▶ **Dataset entries**

=== Begin Enclosure ===

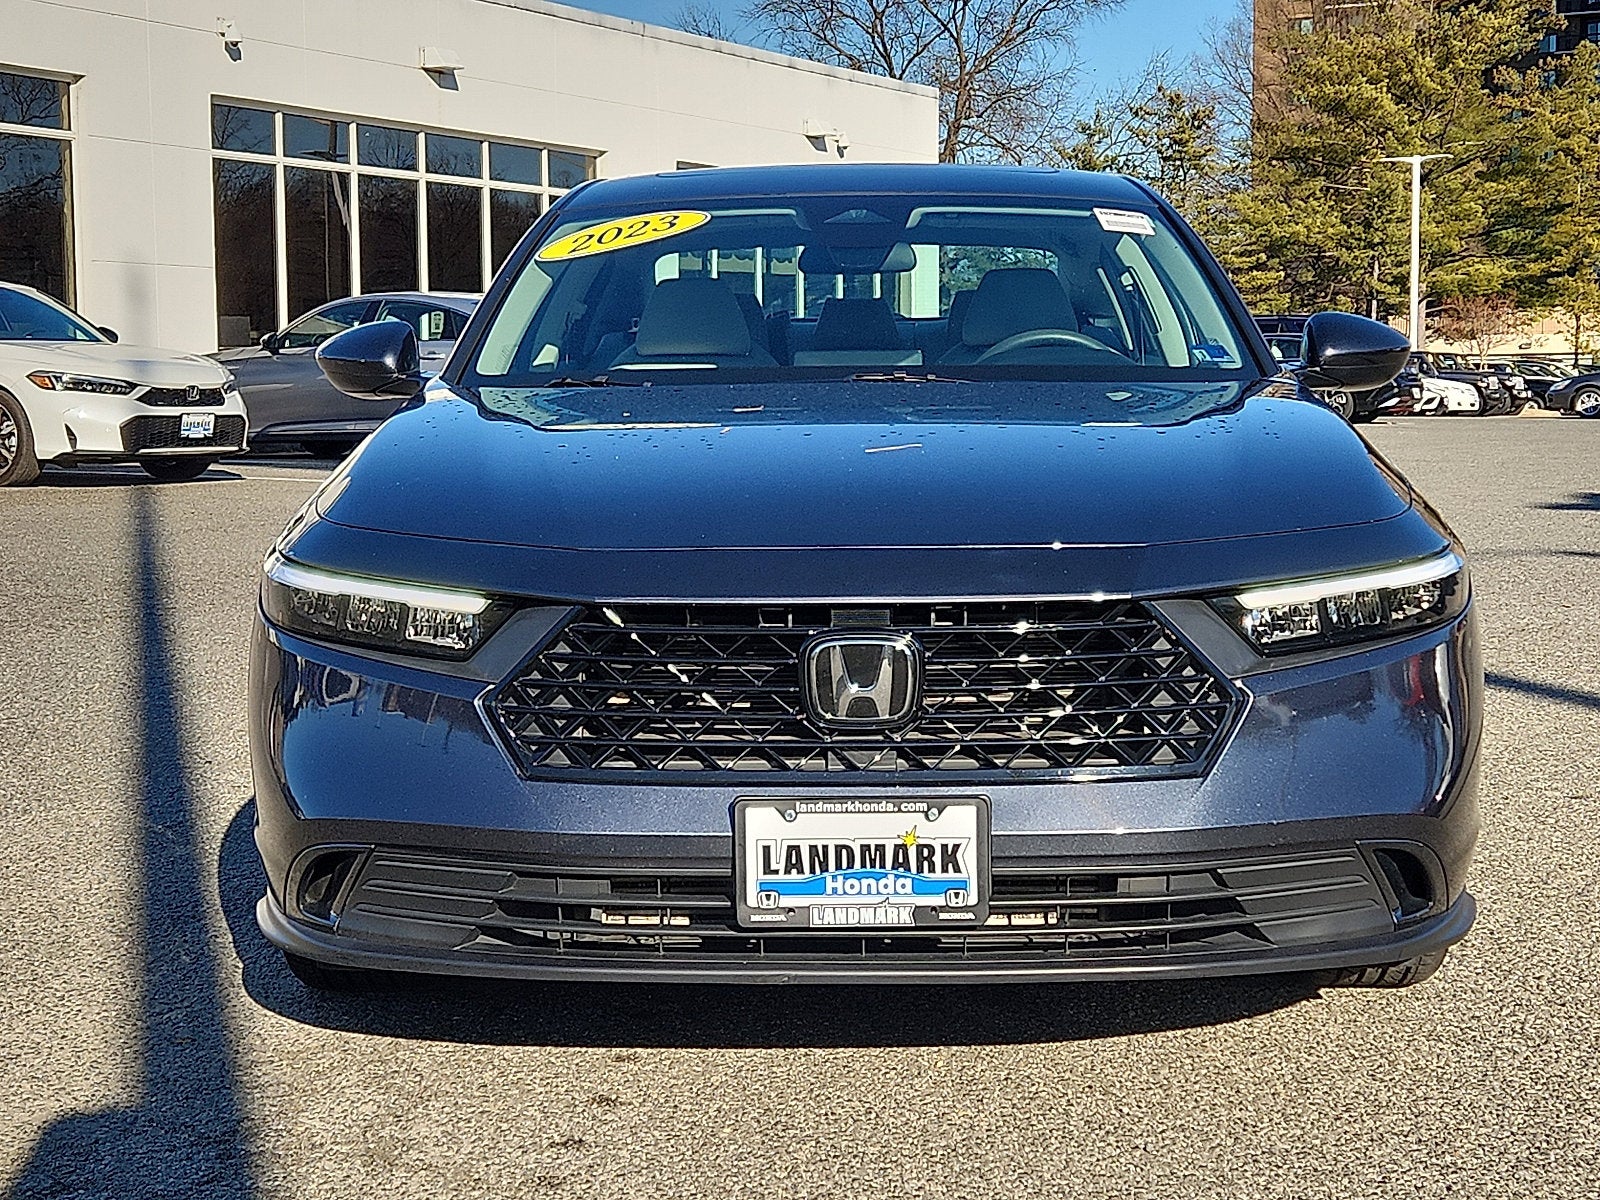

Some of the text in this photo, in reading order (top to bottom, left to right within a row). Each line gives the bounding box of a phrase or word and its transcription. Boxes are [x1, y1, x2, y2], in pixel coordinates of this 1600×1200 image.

[567, 215, 681, 255] 2023
[762, 842, 963, 876] LANDMARK
[825, 874, 914, 895] Honda
[811, 905, 915, 925] LANDMARK
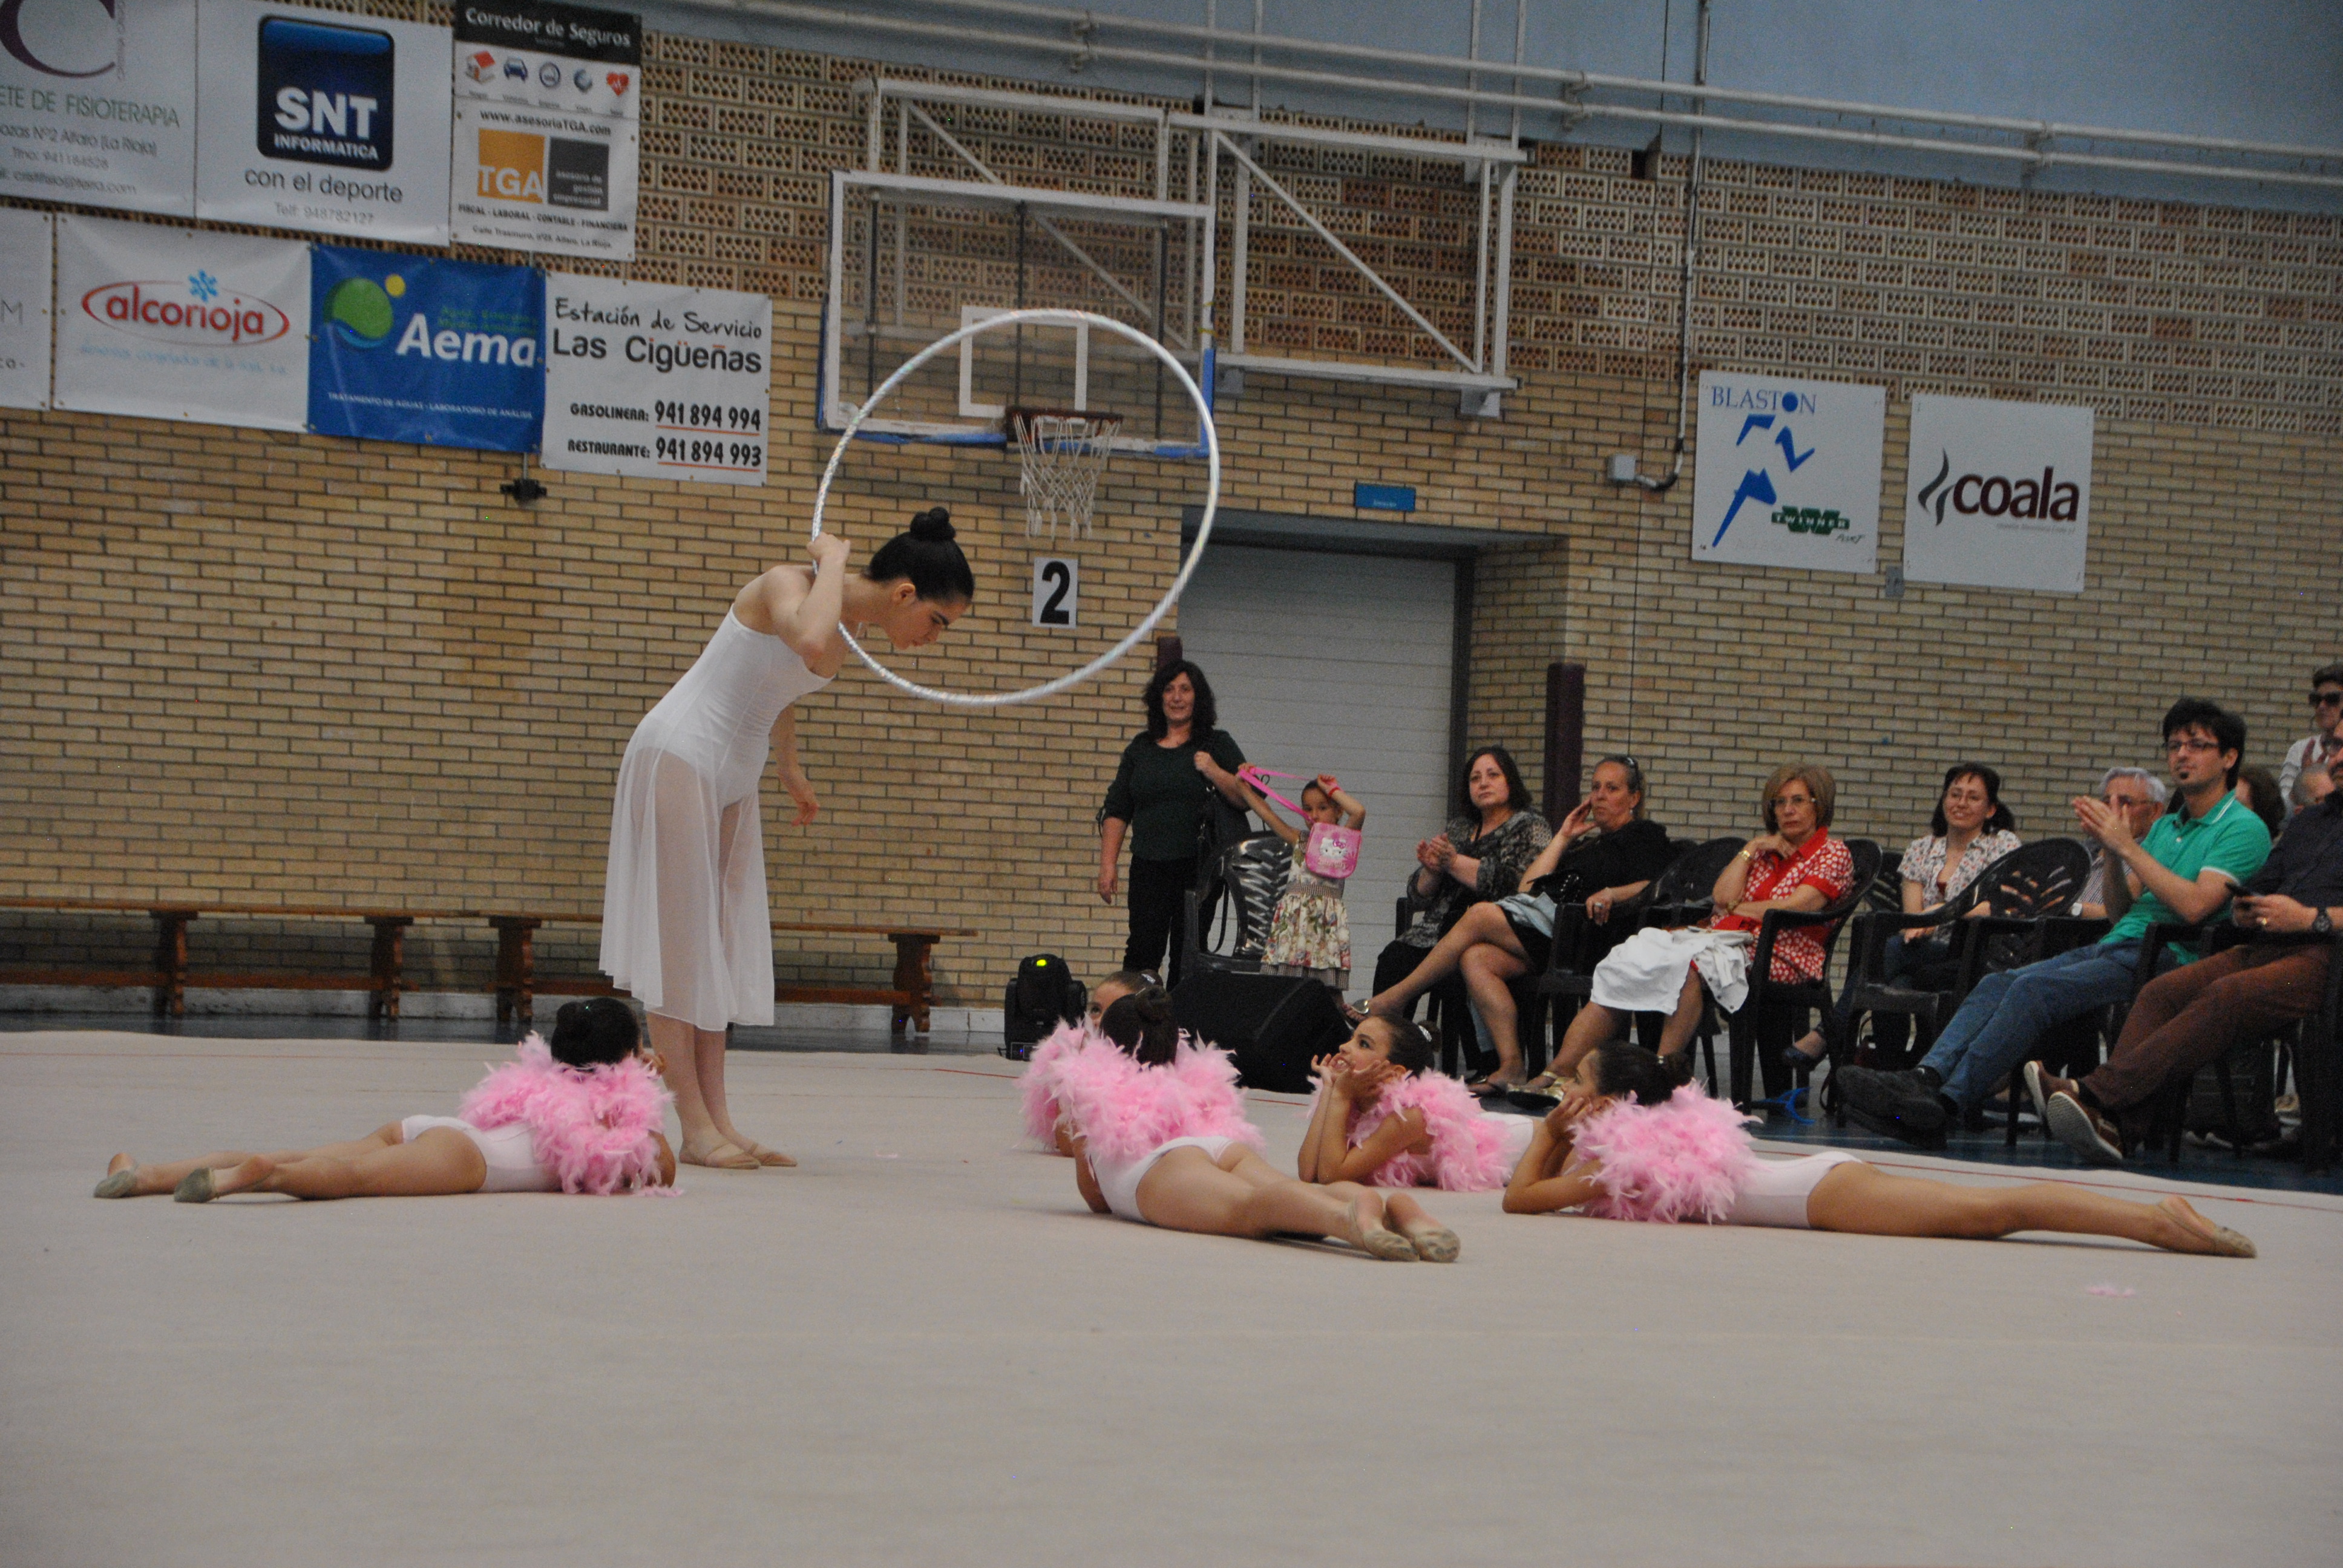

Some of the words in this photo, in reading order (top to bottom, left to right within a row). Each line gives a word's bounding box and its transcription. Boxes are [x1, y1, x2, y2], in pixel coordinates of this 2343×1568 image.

=== End Enclosure ===

▶ **TASK REQUIREMENTS**
A faithful, complete copy of the entries is required, without the pictures.

▶ **TASK SOLUTION**
Some of the text in this photo, in reading order (top to bottom, left to right within a row). Each line gives the bounding box of a phrase or word and its transcription. Boxes are [x1, y1, x2, y2], in pixel coordinates of this 1600×1200 image.

[567, 215, 681, 255] 2023
[762, 842, 963, 876] LANDMARK
[825, 874, 914, 895] Honda
[811, 905, 915, 925] LANDMARK

Some of the words in this photo, in reading order (top to bottom, left to right within a row). Each line gives a word's bounding box and its transcription. Boxes are [x1, y1, x2, y2], in pixel coordinates of this 2343×1568 image.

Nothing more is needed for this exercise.